[Stored items from a collection]
====

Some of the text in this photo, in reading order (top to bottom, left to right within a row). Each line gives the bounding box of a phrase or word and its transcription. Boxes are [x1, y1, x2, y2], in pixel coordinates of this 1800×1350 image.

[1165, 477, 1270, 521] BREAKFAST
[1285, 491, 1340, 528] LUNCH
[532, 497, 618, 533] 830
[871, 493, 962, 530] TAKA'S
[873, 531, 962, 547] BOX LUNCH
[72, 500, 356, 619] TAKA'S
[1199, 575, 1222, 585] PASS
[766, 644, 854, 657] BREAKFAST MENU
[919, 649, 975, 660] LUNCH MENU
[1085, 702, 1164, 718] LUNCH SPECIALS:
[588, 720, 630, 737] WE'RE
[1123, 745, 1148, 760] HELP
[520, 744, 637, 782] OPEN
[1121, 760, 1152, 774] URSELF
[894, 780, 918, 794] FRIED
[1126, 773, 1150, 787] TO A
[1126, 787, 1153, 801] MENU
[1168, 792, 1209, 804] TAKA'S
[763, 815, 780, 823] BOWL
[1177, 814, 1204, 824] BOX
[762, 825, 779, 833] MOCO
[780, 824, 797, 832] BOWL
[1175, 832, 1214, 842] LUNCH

====

§ **What the task requires**
The records above are to be duplicated exactly, every one of them.

§ **Task response**
Some of the text in this photo, in reading order (top to bottom, left to right within a row). Each line gives the bounding box of a phrase or word and its transcription. Boxes are [x1, y1, x2, y2], in pixel coordinates of this 1800×1350 image.

[1165, 477, 1270, 521] BREAKFAST
[1285, 491, 1340, 528] LUNCH
[532, 497, 618, 533] 830
[871, 493, 962, 530] TAKA'S
[873, 531, 962, 547] BOX LUNCH
[72, 500, 356, 619] TAKA'S
[1199, 575, 1222, 585] PASS
[766, 644, 854, 657] BREAKFAST MENU
[919, 649, 975, 660] LUNCH MENU
[1085, 702, 1164, 718] LUNCH SPECIALS:
[588, 720, 630, 737] WE'RE
[1123, 745, 1148, 760] HELP
[520, 744, 637, 782] OPEN
[1121, 760, 1152, 774] URSELF
[894, 780, 918, 794] FRIED
[1126, 773, 1150, 787] TO A
[1126, 787, 1153, 801] MENU
[1168, 792, 1209, 804] TAKA'S
[763, 815, 780, 823] BOWL
[1177, 814, 1204, 824] BOX
[762, 825, 779, 833] MOCO
[780, 824, 797, 832] BOWL
[1175, 832, 1214, 842] LUNCH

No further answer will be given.